Huang Huimin, Zheng Ning, Feng Lei, Shao Shuo
Radiological Medical College, Shandong First Medical University and Shandong Academy of Medical Sciences, Jinan, China.
Department of Radiology, Jining No. 1 People's Hospital Affiliated to Shandong First Medical University, Jining, China.
Front Neurol. 2025 May 16;16:1581338. doi: 10.3389/fneur.2025.1581338. eCollection 2025.

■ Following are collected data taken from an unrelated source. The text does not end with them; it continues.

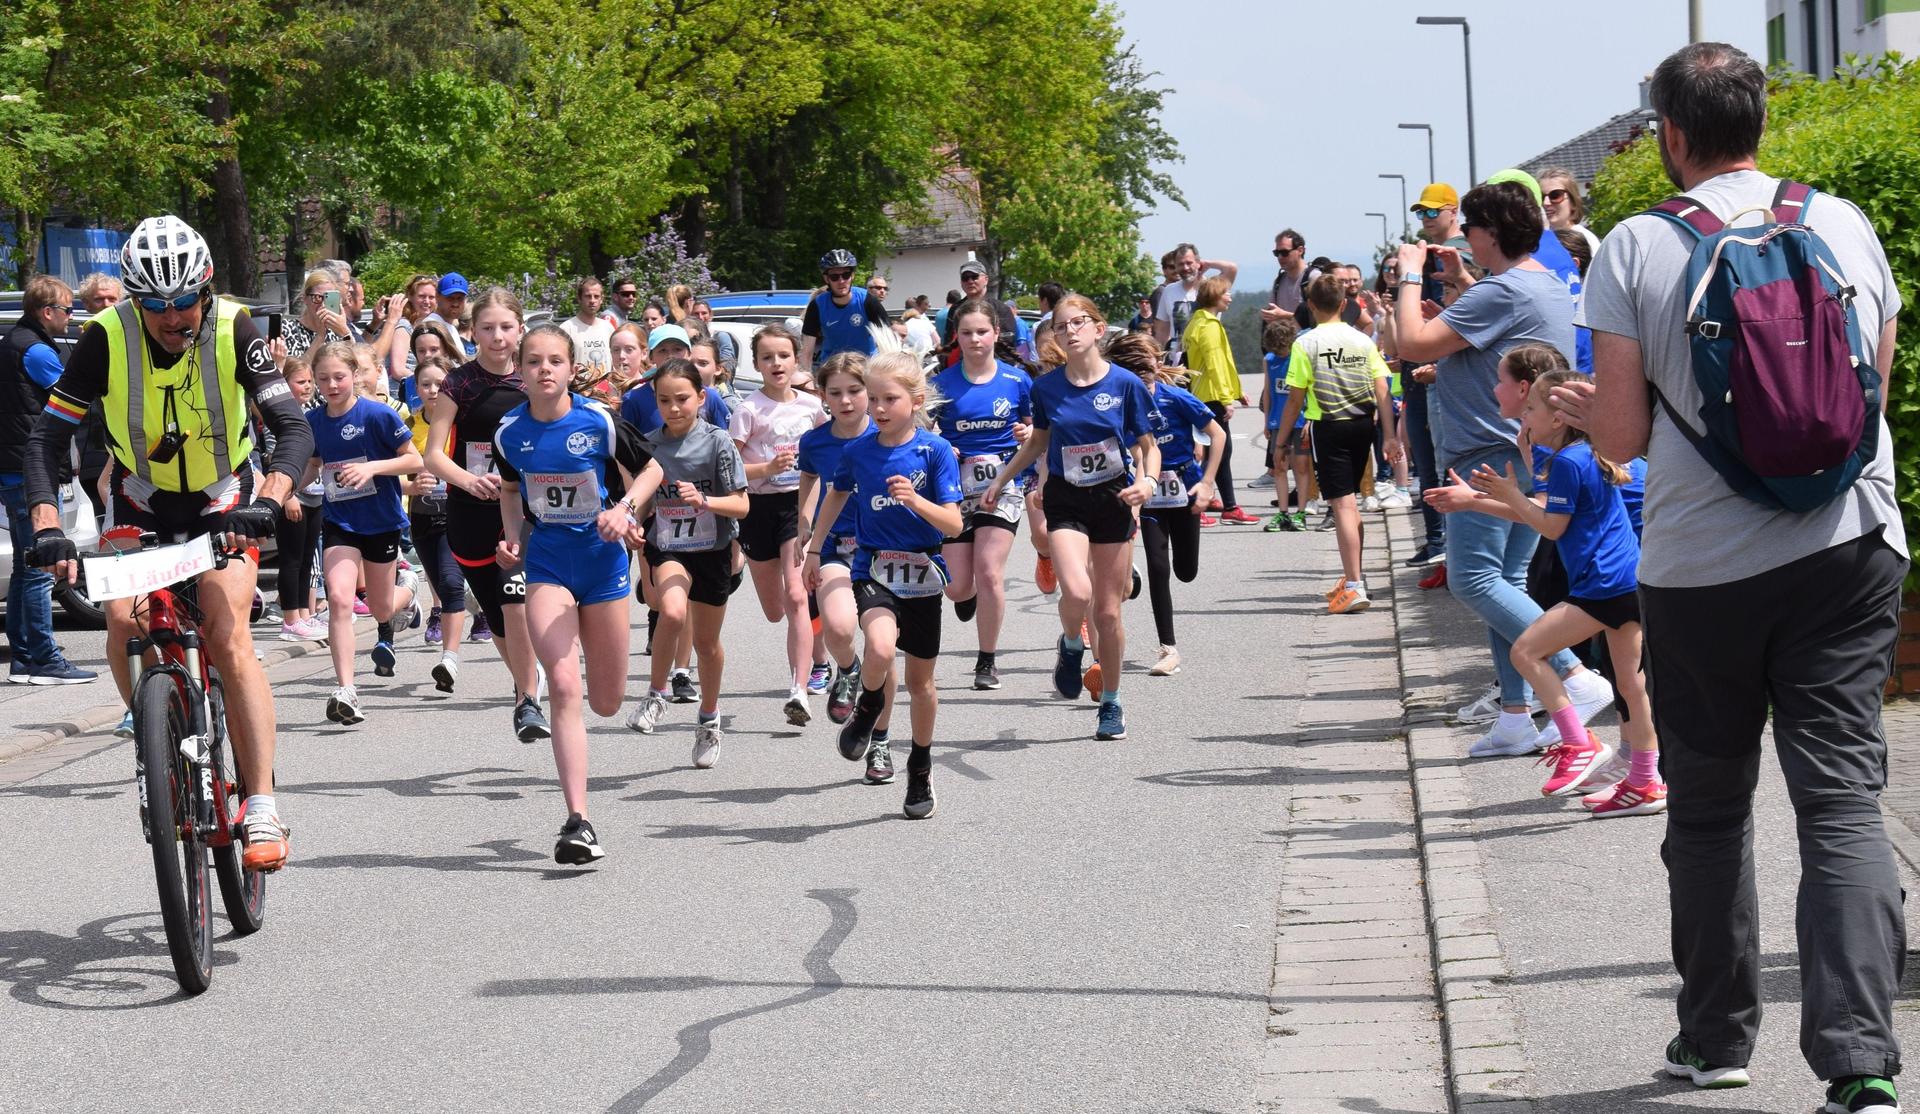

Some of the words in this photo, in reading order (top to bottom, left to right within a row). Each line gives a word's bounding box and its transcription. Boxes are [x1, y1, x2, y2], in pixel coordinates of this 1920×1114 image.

[583, 340, 606, 348] NASA
[955, 419, 1007, 432] CONRAD
[973, 463, 997, 482] 60
[1080, 453, 1108, 474] 92
[546, 486, 577, 508] 97
[871, 494, 904, 511] CONR
[670, 517, 697, 539] 77
[128, 556, 203, 592] Läufer
[883, 562, 929, 584] 117
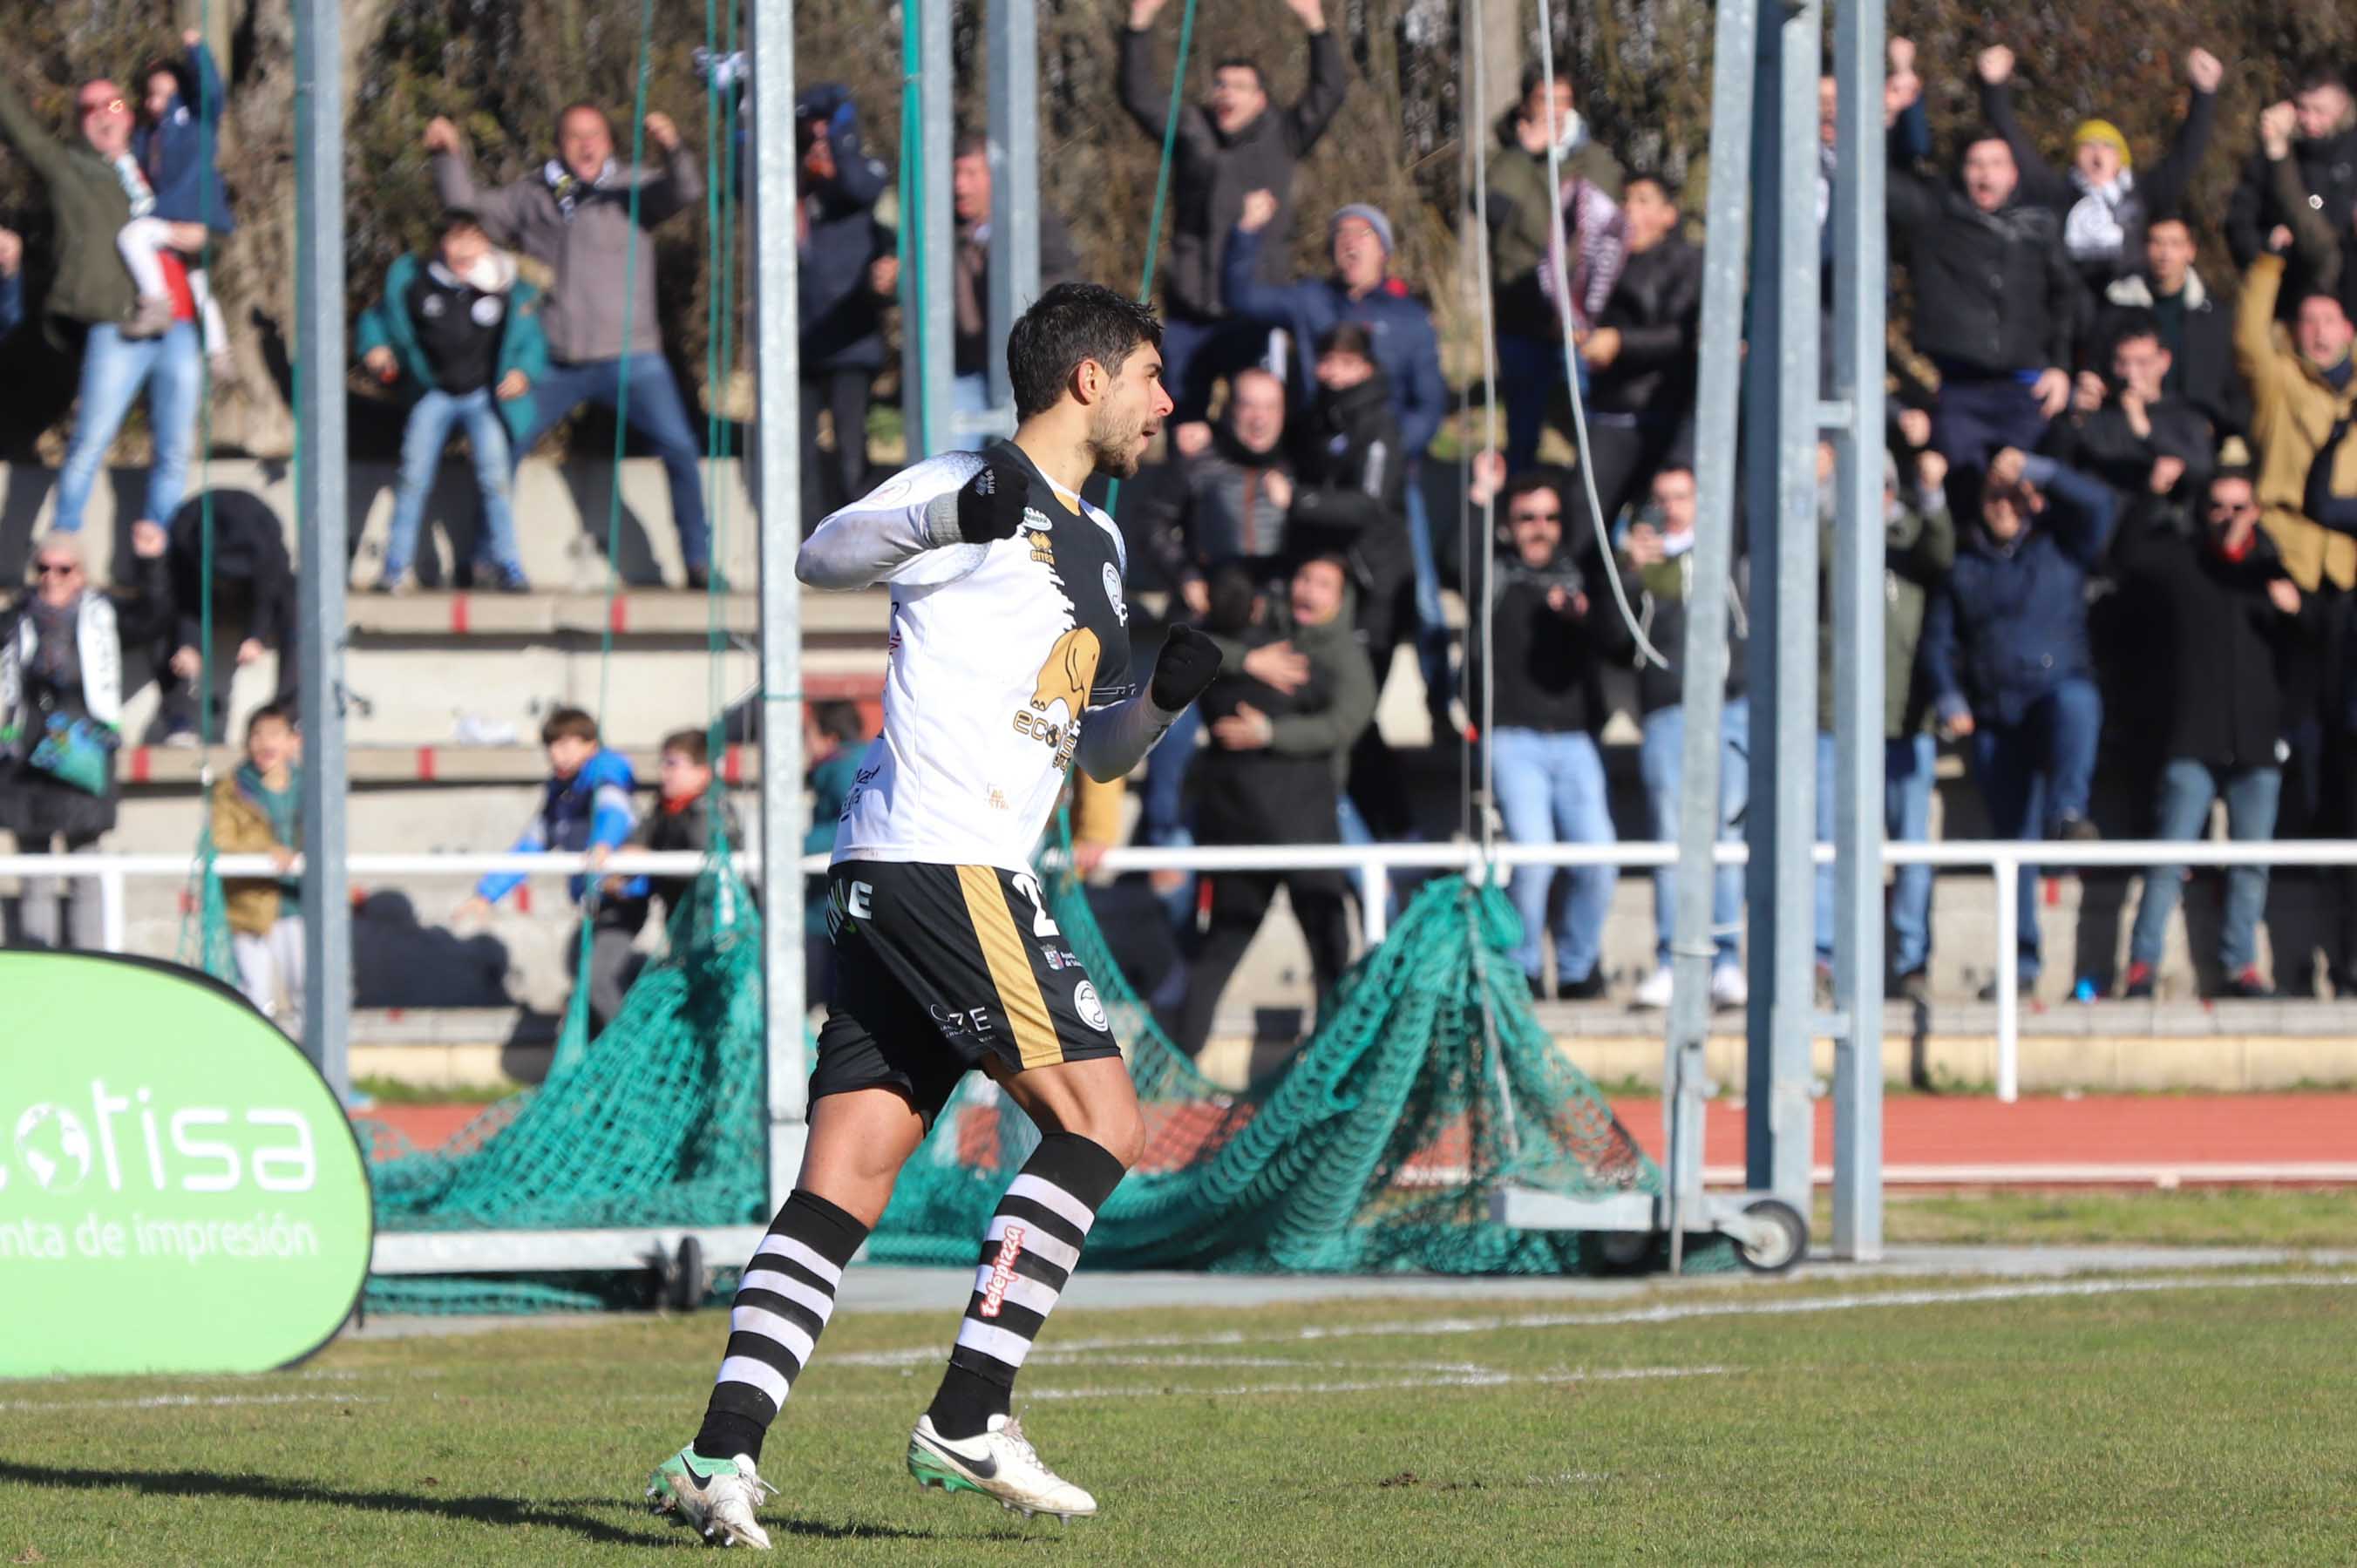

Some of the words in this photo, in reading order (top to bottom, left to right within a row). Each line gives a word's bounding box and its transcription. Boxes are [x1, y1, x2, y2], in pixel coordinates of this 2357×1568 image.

[0, 1077, 317, 1194] otisa
[74, 1212, 126, 1259] de
[133, 1212, 320, 1266] impresión
[980, 1225, 1025, 1317] telepizza

Moyamoya disease (MMD), a chronic, progressive cerebrovascular disorder of unknown etiology, presents significant diagnostic and therapeutic challenges in clinical practice. Conventional diagnostic methods rely on physicians' experience and have limitations in disease prediction, risk assessment, and treatment decisions. The advancement of artificial intelligence (AI) technologies has created new opportunities for research on MMD. This review summarizes recent advances in AI applications for MMD, including diagnosis, risk factor analysis, treatment planning, outcome evaluation, and basic research. Additionally, this review critically examines the limitations of current research on MMD and explores potential future directions, aiming to offer valuable insights and guidance on MMD.
烟雾病(MMD)是一种病因不明的慢性、进行性脑血管疾病,在临床实践中面临着重大的诊断和治疗挑战。传统的诊断方法依赖于医生的经验,在疾病预测、风险评估和治疗决策方面存在局限性。人工智能(AI)技术的进步为烟雾病的研究创造了新的机会。本文综述了AI在烟雾病应用方面的最新进展,包括诊断、危险因素分析、治疗规划、疗效评估和基础研究。此外,本文还批判性地审视了当前烟雾病研究的局限性,并探索了潜在的未来方向,旨在为烟雾病提供有价值的见解和指导。